◆ **WORK ORDER**: Reproduce the data exactly as given, except for any images.
==*==
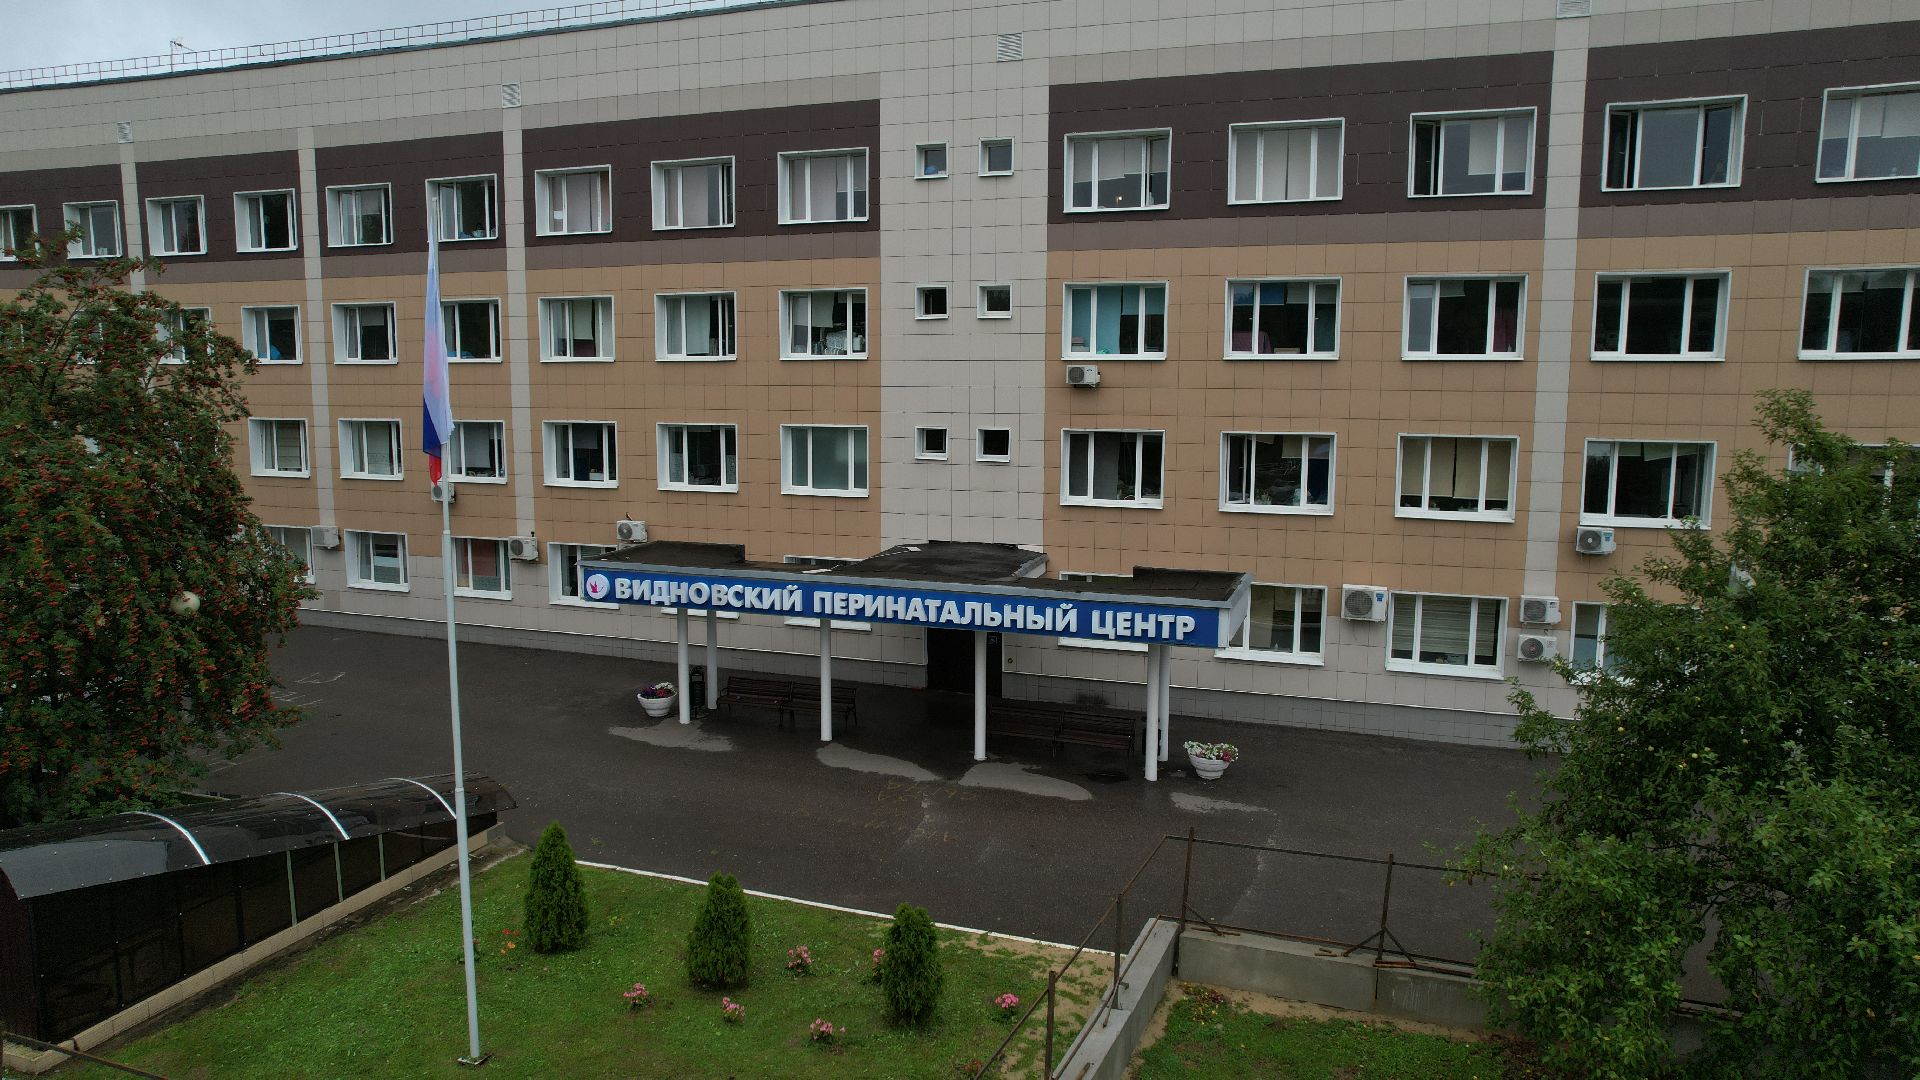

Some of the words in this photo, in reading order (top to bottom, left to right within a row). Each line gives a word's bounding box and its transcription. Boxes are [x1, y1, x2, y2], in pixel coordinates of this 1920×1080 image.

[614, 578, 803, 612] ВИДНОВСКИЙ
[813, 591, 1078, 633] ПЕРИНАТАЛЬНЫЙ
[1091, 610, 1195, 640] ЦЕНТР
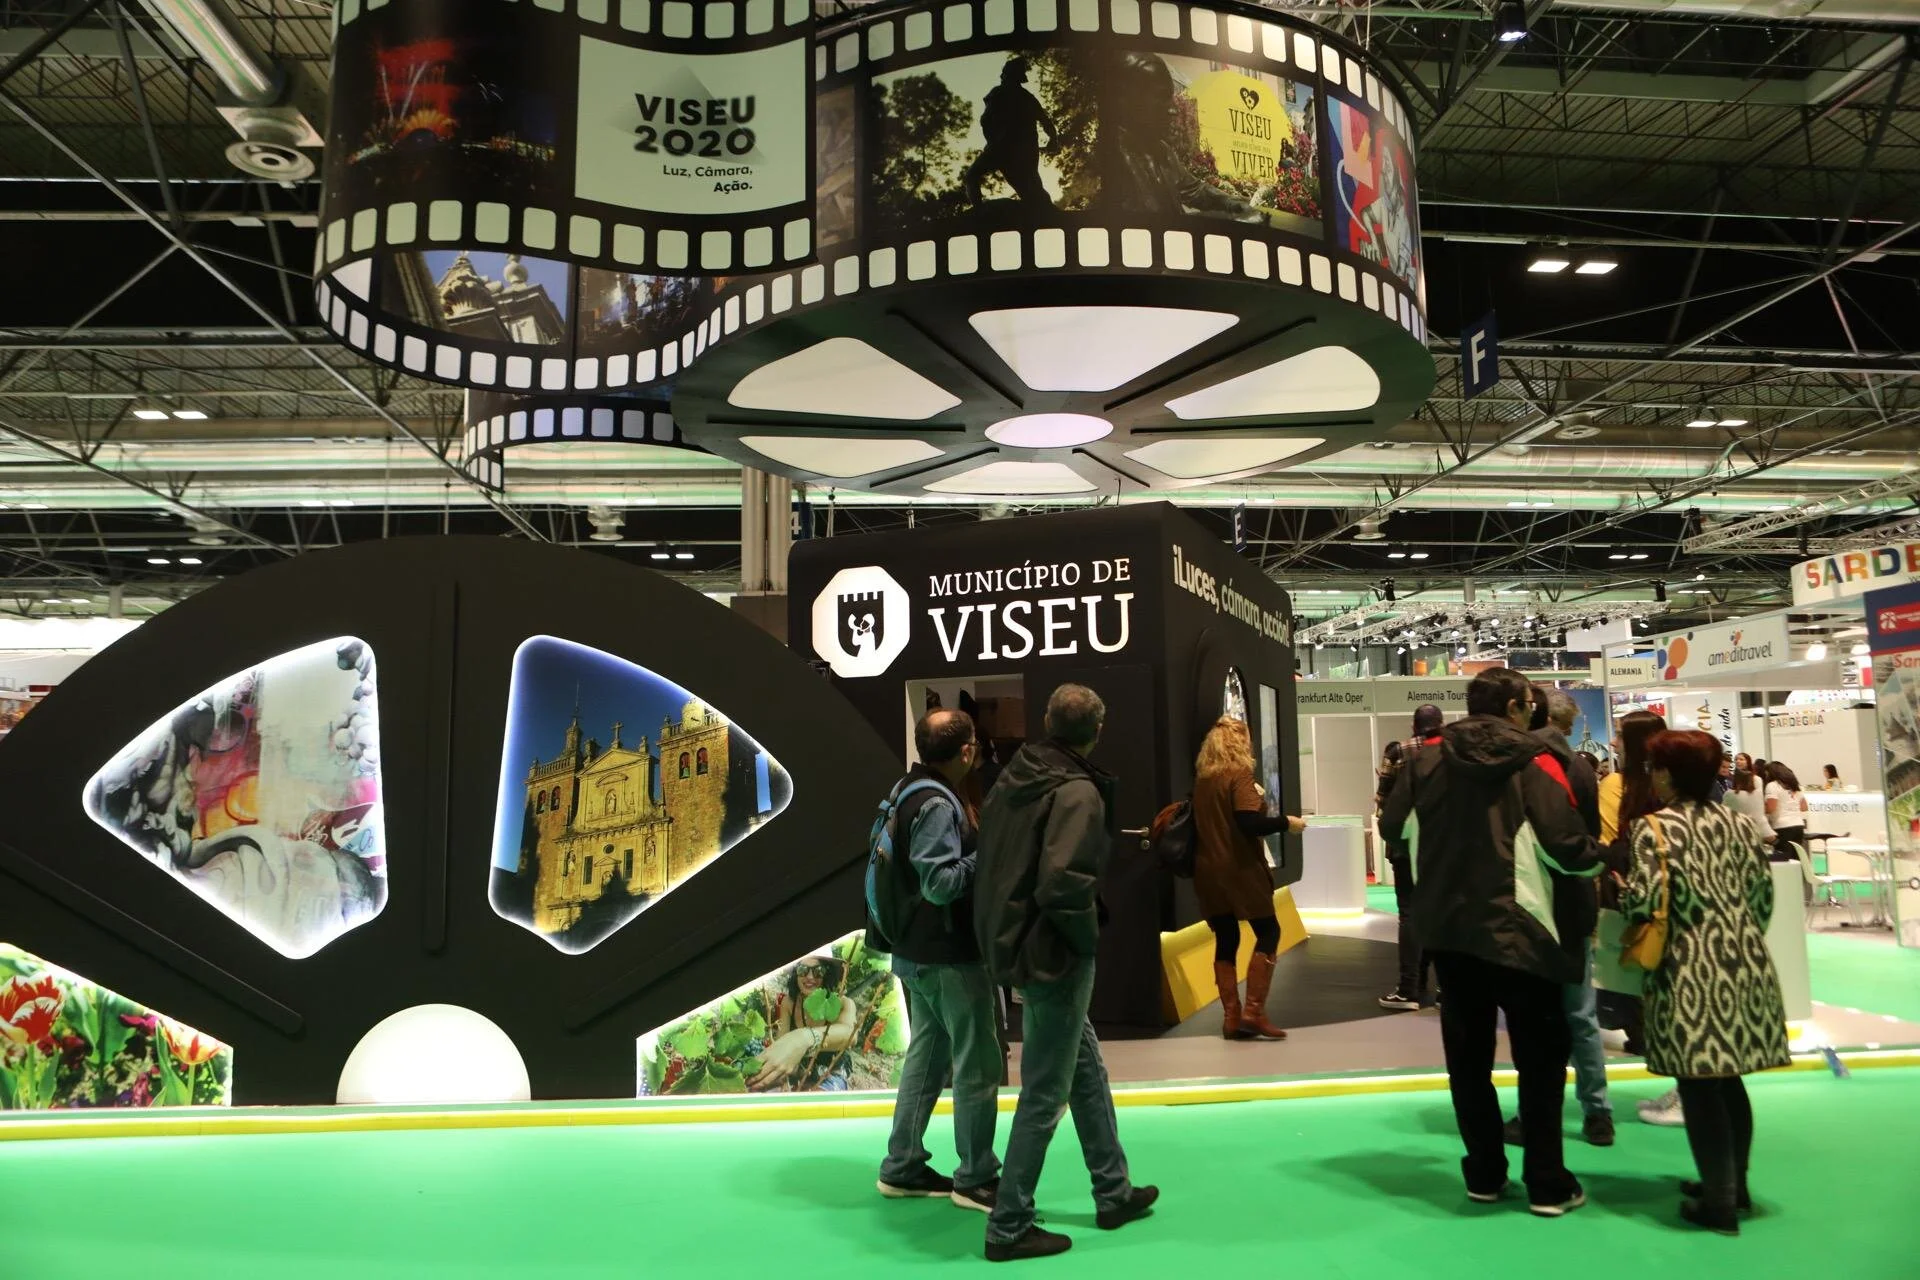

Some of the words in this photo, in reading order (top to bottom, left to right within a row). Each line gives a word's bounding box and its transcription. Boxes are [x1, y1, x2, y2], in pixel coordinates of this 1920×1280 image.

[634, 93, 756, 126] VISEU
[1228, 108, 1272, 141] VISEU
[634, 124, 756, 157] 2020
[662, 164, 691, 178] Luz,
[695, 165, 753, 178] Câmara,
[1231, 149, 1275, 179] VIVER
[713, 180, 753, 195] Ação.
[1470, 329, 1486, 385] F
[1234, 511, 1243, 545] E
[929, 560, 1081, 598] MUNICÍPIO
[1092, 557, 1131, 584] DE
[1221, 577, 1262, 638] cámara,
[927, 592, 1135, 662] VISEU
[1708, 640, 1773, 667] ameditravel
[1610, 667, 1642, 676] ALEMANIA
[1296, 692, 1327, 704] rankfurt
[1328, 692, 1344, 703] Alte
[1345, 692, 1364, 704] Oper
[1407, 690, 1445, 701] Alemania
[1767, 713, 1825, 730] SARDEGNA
==*==
◆ **ANSWER TO THIS TASK**:
Some of the words in this photo, in reading order (top to bottom, left to right within a row). Each line gives a word's bounding box and its transcription. Boxes are [x1, y1, x2, y2], in pixel coordinates of this 1920×1080 image.

[614, 578, 803, 612] ВИДНОВСКИЙ
[813, 591, 1078, 633] ПЕРИНАТАЛЬНЫЙ
[1091, 610, 1195, 640] ЦЕНТР

Some of the words in this photo, in reading order (top to bottom, left to right within a row). Each line gives a word's bounding box and its transcription. Boxes are [x1, y1, x2, y2], in pixel coordinates of this 1920×1280 image.

[634, 93, 756, 126] VISEU
[1228, 108, 1272, 141] VISEU
[634, 124, 756, 157] 2020
[662, 164, 691, 178] Luz,
[695, 165, 753, 178] Câmara,
[1231, 149, 1275, 179] VIVER
[713, 180, 753, 195] Ação.
[1470, 329, 1486, 385] F
[1234, 511, 1243, 545] E
[929, 560, 1081, 598] MUNICÍPIO
[1092, 557, 1131, 584] DE
[1221, 577, 1262, 638] cámara,
[927, 592, 1135, 662] VISEU
[1708, 640, 1773, 667] ameditravel
[1610, 667, 1642, 676] ALEMANIA
[1296, 692, 1327, 704] rankfurt
[1328, 692, 1344, 703] Alte
[1345, 692, 1364, 704] Oper
[1407, 690, 1445, 701] Alemania
[1767, 713, 1825, 730] SARDEGNA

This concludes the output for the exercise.